The first major exhibition of Māori portraits in the United States opens tomorrow, Saturday 9 September, at the de Young Museum in San Francisco.
This exhibition, The Māori Portraits: Gottfried Lindauer’s New Zealand, tours 31 Māori portraits from Auckland Art Gallery Toi o Tāmaki and Auckland War Memorial Museum Tāmaki Paenga Hira to the Fine Arts Museums of San Francisco’s de Young Museum in Golden Gate Park.
The New Zealand Government has supported the delivery of this exhibition of international significance through Manatā Taonga, Ministry for Culture and Heritage’s Cultural Diplomacy International Programme and Te Puni Kōkiri, Ministry of Māori Development.
Auckland Art Gallery Toi o Tāmaki Director Rhana Devenport says she is grateful for the support and thrilled at the opportunity to lend these portraits to de Young.
‘Auckland Art Gallery are kaitiaki (custodians) of art from Aotearoa New Zealand and beyond. Thanks to this fantastic partnership we are able to share these taonga (treasures) with people in San Francisco. It extends our mission to share New Zealand’s rich cultural heritage and to stimulate discussion prompted by genuine and meaningful experiences. Through these encounters with art we share our unique cultural identity and gain a deeper understanding of the world.’
Max Hollein, Director and CEO of the Fine Arts Museums of San Francisco, is honoured to share the paintings which give an insight to Māori culture.
‘This unique exhibition not only presents the astonishing oeuvre of Lindauer but also addresses the complexities of what a painting is and can be. It is fascinating that a Czech painter, trained in the European style of 19th–century portraiture, became the most celebrated portraitist of Māori in New Zealand. We appreciate that for Māori these paintings are living connections to the past and are conduits for remembering and sharing the remarkable life stories of their ancestors.’
Auckland Art Gallery holds the world’s preeminent collection of Lindauer’s Māori portraits and is touring these artworks to the United States following its own successful exhibition, which closed in February 2017 having been visited by 99,167 people.

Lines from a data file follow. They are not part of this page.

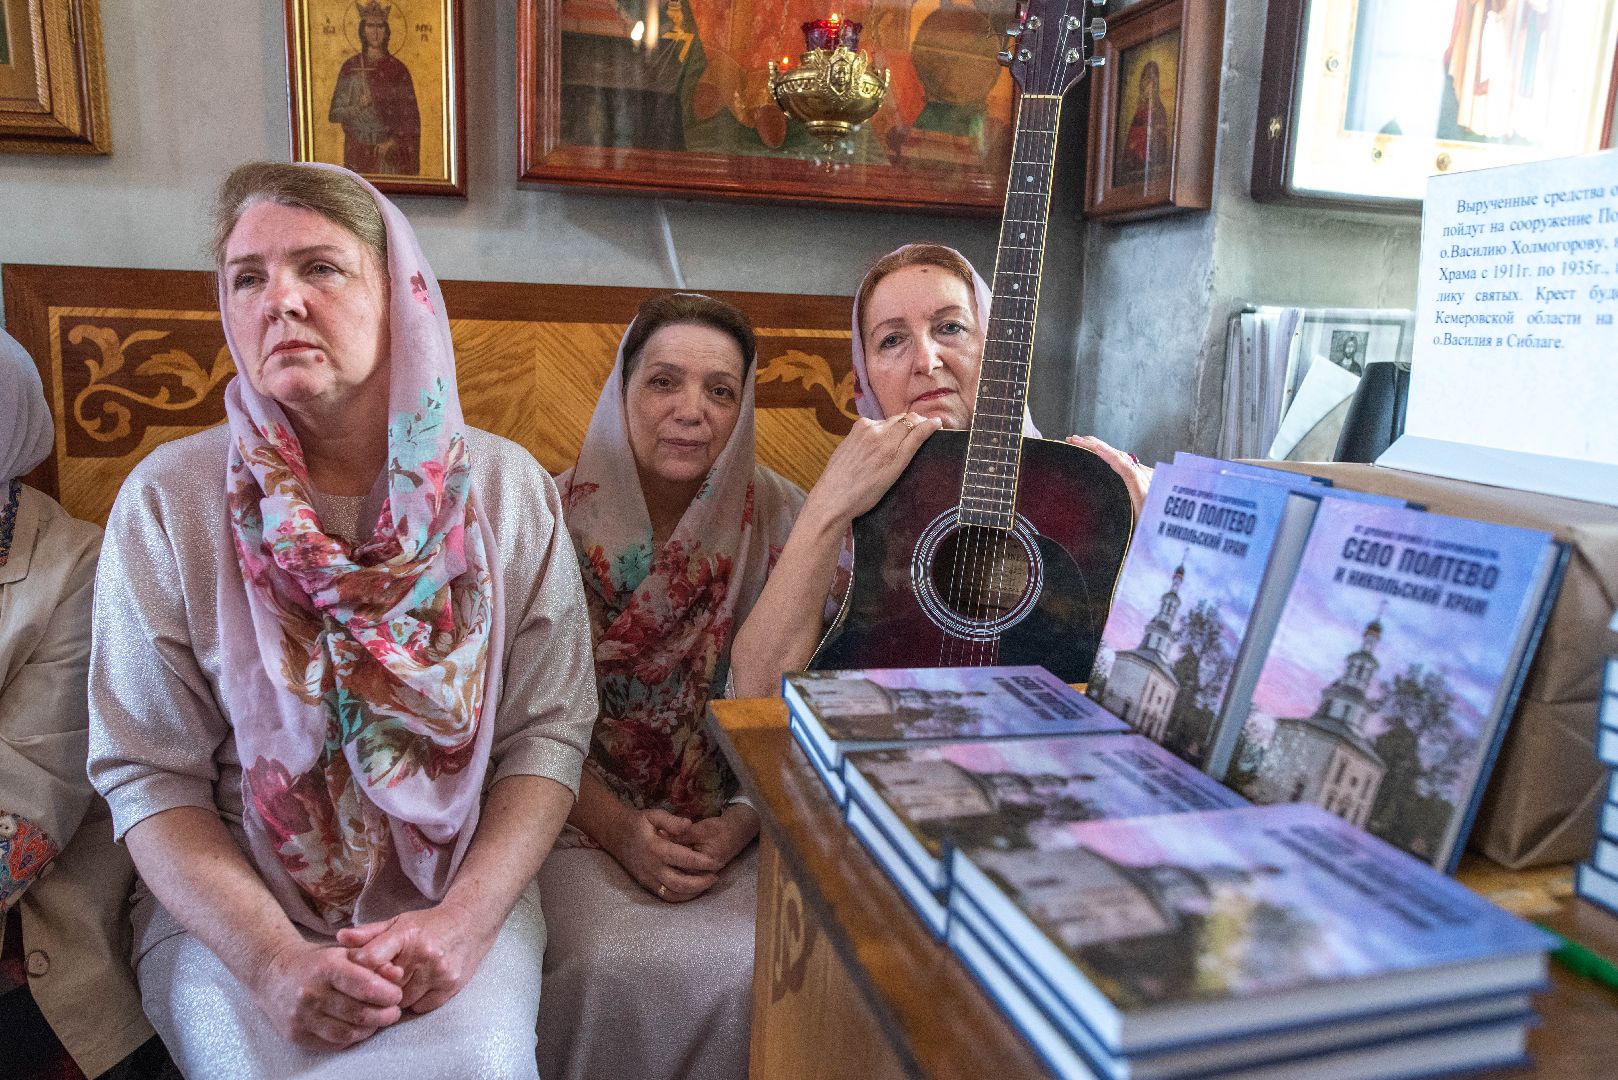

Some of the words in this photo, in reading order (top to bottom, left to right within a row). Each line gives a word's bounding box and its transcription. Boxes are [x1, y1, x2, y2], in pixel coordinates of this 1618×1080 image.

[1456, 195, 1538, 215] Вырученные
[1543, 187, 1605, 207] средства
[1442, 222, 1485, 238] пойдут
[1490, 222, 1505, 233] на
[1510, 213, 1592, 233] сооружение
[1438, 267, 1477, 284] Храма
[1481, 269, 1489, 279] с
[1537, 265, 1555, 277] по
[1435, 292, 1464, 305] лику
[1475, 291, 1523, 302] святых.
[1535, 286, 1577, 305] Крест
[1434, 310, 1515, 328] Кемеровской
[1527, 309, 1582, 325] области
[1595, 313, 1614, 325] на
[1496, 337, 1504, 347] в
[1164, 496, 1197, 521] СЕЛО
[1197, 503, 1258, 536] ПОЛТЕВО
[1341, 536, 1395, 568] СЕЛО
[1398, 546, 1501, 592] ПОЛТЕВО

Previous tours took Lindauer’s Māori portraits to Berlin, Germany, in 2015 and Pilsen, Czech Republic, in 2015–16.
Auckland Art Gallery Curator, Māori Art, Nigel Borell notes ‘Gottfried Lindauer was a pioneering colonial painter of 19th–century New Zealand, and with his portraiture practice, produced an unrivalled number of works capturing both Māori and Pākehā (European) New Zealanders of this time. In so doing, his work identified the fascinating intercultural exchanges that occurred during 1800s and 1900s New Zealand and his painting methods revolutionised painted portraiture.’
A total of 31 portraits will be on view, many for the first time in North America and the exhibition will be supported by public floor talks from several descendants of the Māori portraits in the exhibition.

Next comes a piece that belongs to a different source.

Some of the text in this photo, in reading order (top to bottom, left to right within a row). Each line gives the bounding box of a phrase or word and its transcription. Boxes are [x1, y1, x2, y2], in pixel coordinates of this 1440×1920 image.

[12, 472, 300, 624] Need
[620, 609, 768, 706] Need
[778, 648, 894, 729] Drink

The Minister for Arts, Culture and Heritage Hon Maggie Barry ONZM says Lindauer’s portraits are an extraordinary form of remembrance and preservation.

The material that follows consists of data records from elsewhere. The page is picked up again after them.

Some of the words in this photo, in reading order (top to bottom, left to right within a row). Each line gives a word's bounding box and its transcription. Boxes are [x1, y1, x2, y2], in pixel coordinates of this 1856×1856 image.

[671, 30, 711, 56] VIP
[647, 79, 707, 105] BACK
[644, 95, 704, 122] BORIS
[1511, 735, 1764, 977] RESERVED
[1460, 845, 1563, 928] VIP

‘They are a snapshot in time and have huge significance for our cultural identity and heritage. Just as salient today, these portraits help define the modern society of Aotearoa New Zealand. Knowing that these portraits will again forge cross-cultural interactions is a remarkable accomplishment.’
The Māori Portraits: Gottfried Lindauer’s New Zealand will be open from 9 September 2017 to 1 April 2018.